## YOUR TASK
The answer must be an exact copy of every entry, with no pictures in it.

## SOURCE MATERIAL
▬▬▬▬▬▬

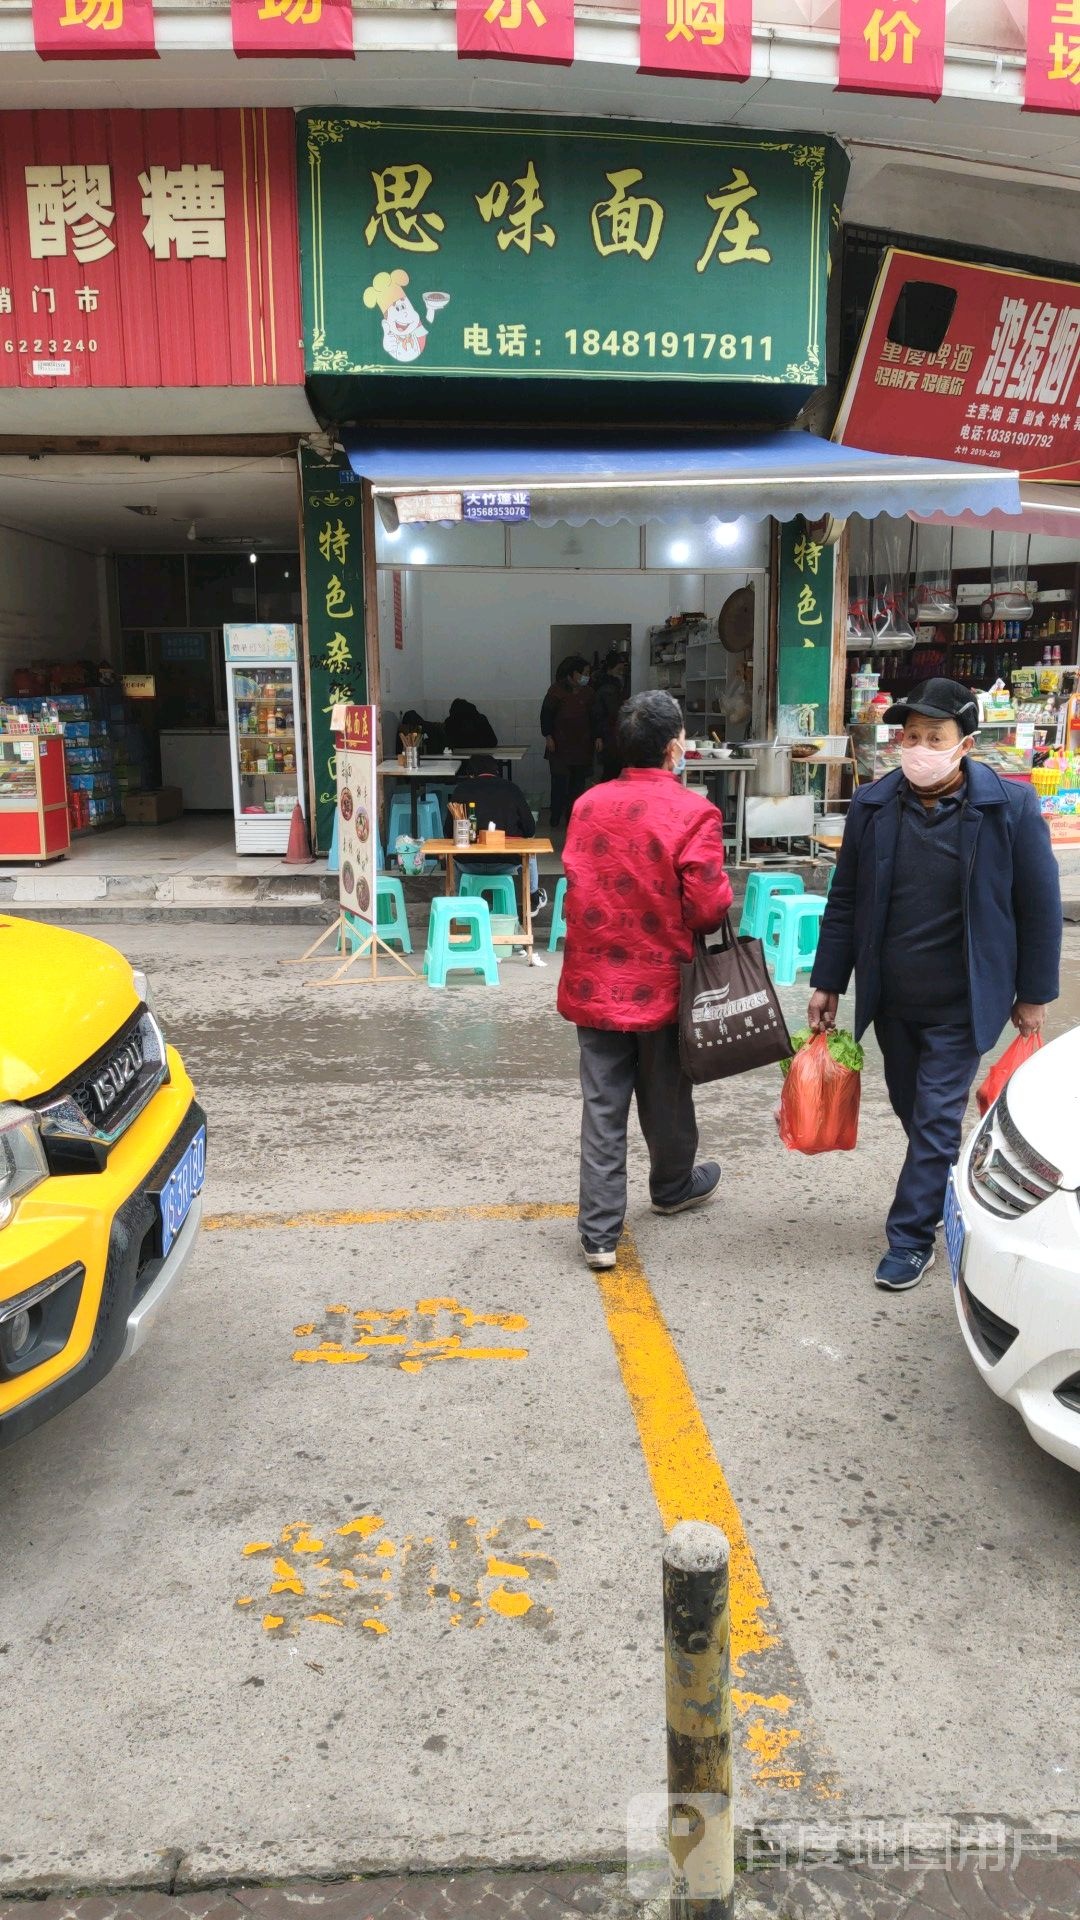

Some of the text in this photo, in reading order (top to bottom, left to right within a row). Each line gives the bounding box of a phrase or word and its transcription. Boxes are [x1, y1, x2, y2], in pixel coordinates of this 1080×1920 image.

[863, 0, 921, 64] 价
[24, 164, 228, 263] 醪糟
[364, 160, 771, 273] 思味面庄
[5, 339, 97, 353] 6223240
[564, 329, 773, 361] 18481917811
[466, 506, 526, 517] 13568353076
[92, 1042, 143, 1112] ISUZU

▬▬▬▬▬▬

## RESPONSE TO THIS EXERCISE
Some of the text in this photo, in reading order (top to bottom, left to right within a row). Each line gives the bounding box of a phrase or word and its transcription. Boxes are [x1, y1, x2, y2], in pixel coordinates of this 1080×1920 image.

[863, 0, 921, 64] 价
[24, 164, 228, 263] 醪糟
[364, 160, 771, 273] 思味面庄
[5, 339, 97, 353] 6223240
[564, 329, 773, 361] 18481917811
[466, 506, 526, 517] 13568353076
[92, 1042, 143, 1112] ISUZU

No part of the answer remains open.